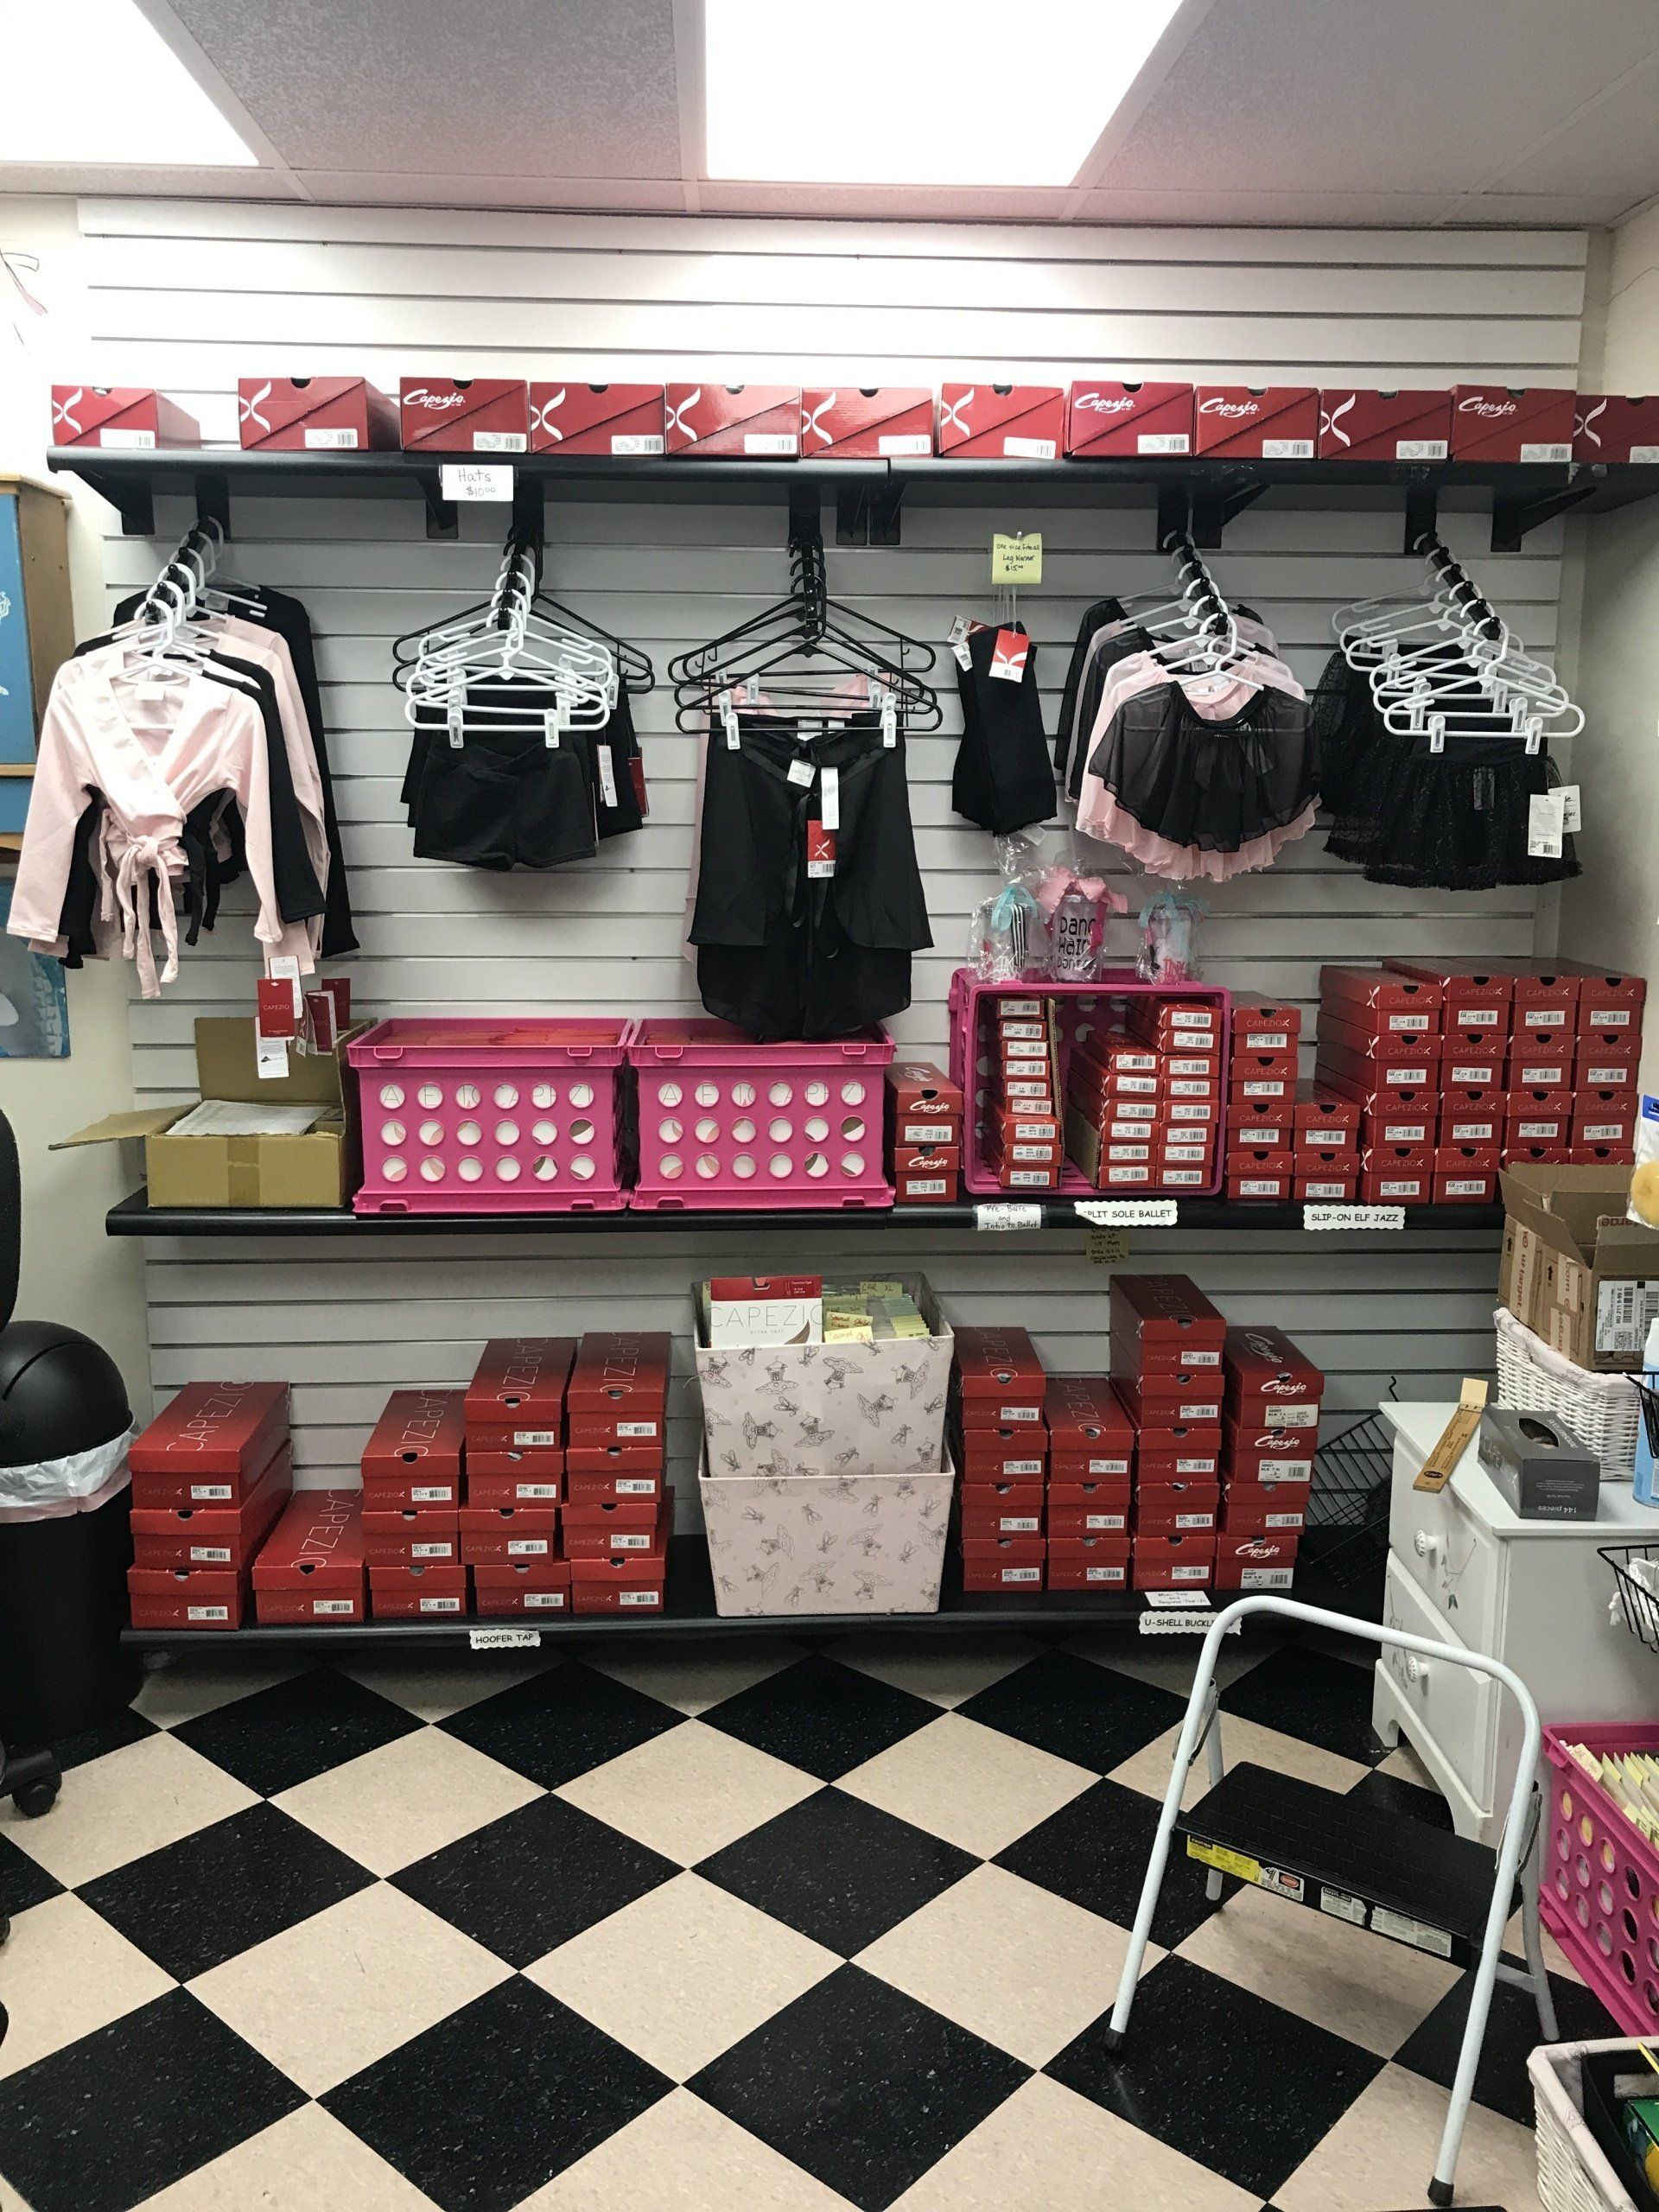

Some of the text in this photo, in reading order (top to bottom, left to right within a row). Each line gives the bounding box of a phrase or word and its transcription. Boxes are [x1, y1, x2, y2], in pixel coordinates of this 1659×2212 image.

[404, 389, 465, 410] Capezio
[1074, 392, 1134, 413] Capezio
[1199, 397, 1258, 417] Capezio
[1459, 397, 1516, 417] Capezio
[458, 469, 492, 483] Hats
[1003, 554, 1014, 564] Leg
[910, 1100, 950, 1115] Capezio
[908, 1156, 948, 1170] Capezio
[1312, 1213, 1351, 1222] SLIP-ON
[1354, 1213, 1370, 1222] ELF
[1261, 1380, 1306, 1395] Capezio
[1255, 1434, 1300, 1450] Capezio
[1236, 1543, 1281, 1559] Capezio
[476, 1635, 512, 1643] HOOFER
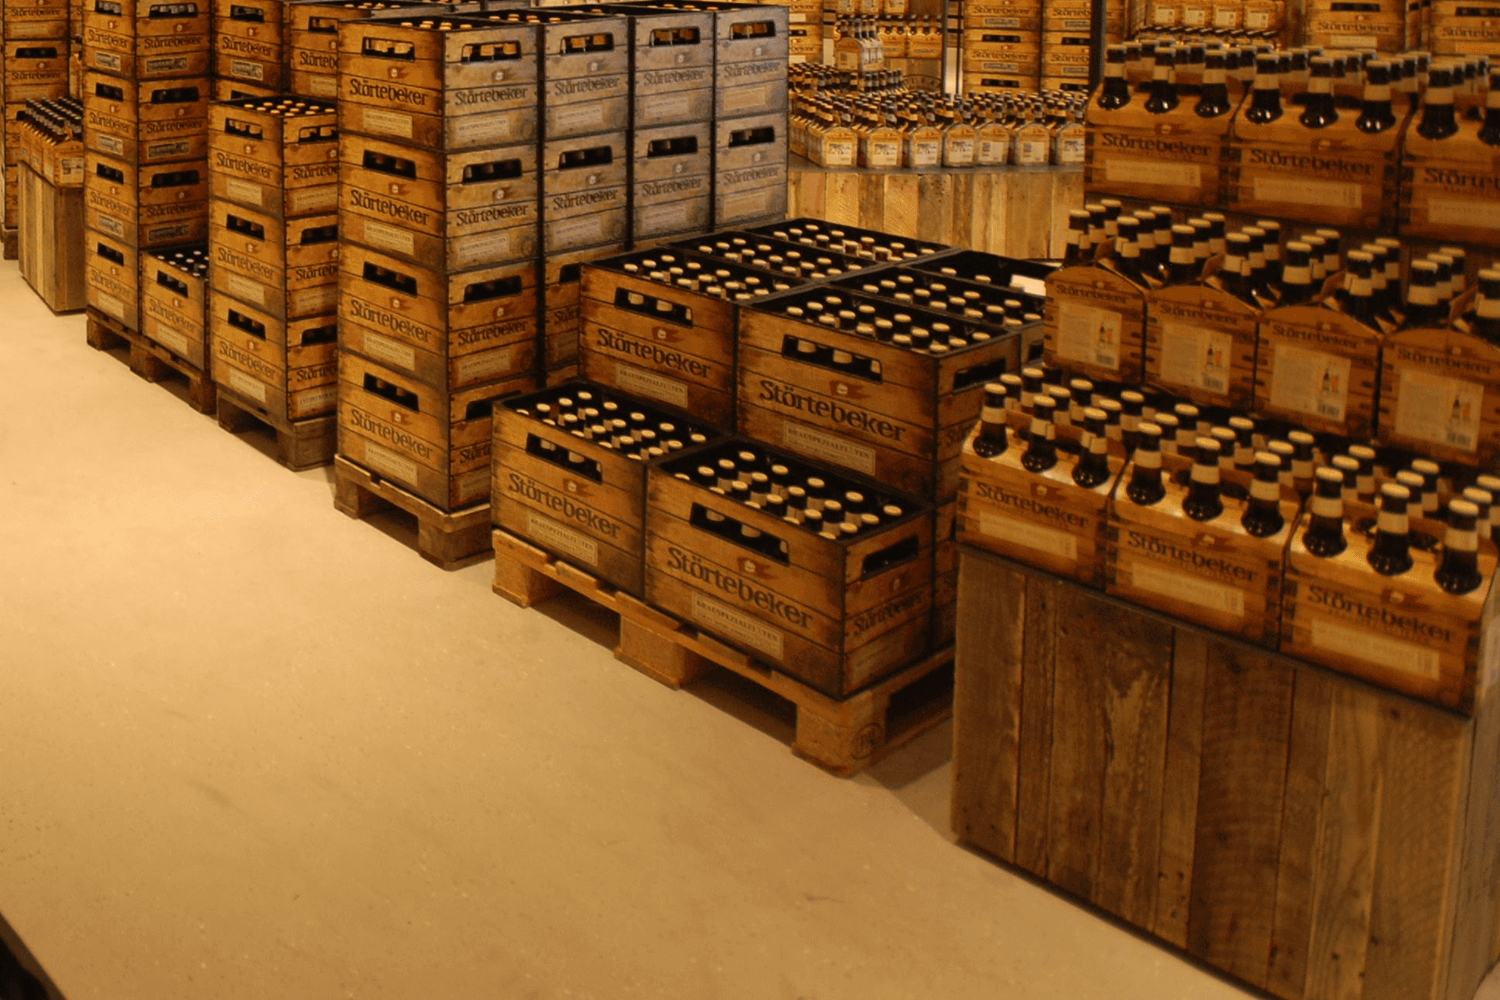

··········

AIM OF THE TASK
Only an exact copy of the records, free of images, belongs in the answer.

RESPONSE TO THIS TASK
Some of the text in this photo, in reading order (top to bottom, left to right within a row). Each line gives the bounding box of a phrase or word and its transcription. Boxes are [x1, y1, x2, y2], in pixel coordinates of this 1659×2212 image.

[404, 389, 465, 410] Capezio
[1074, 392, 1134, 413] Capezio
[1199, 397, 1258, 417] Capezio
[1459, 397, 1516, 417] Capezio
[458, 469, 492, 483] Hats
[1003, 554, 1014, 564] Leg
[910, 1100, 950, 1115] Capezio
[908, 1156, 948, 1170] Capezio
[1312, 1213, 1351, 1222] SLIP-ON
[1354, 1213, 1370, 1222] ELF
[1261, 1380, 1306, 1395] Capezio
[1255, 1434, 1300, 1450] Capezio
[1236, 1543, 1281, 1559] Capezio
[476, 1635, 512, 1643] HOOFER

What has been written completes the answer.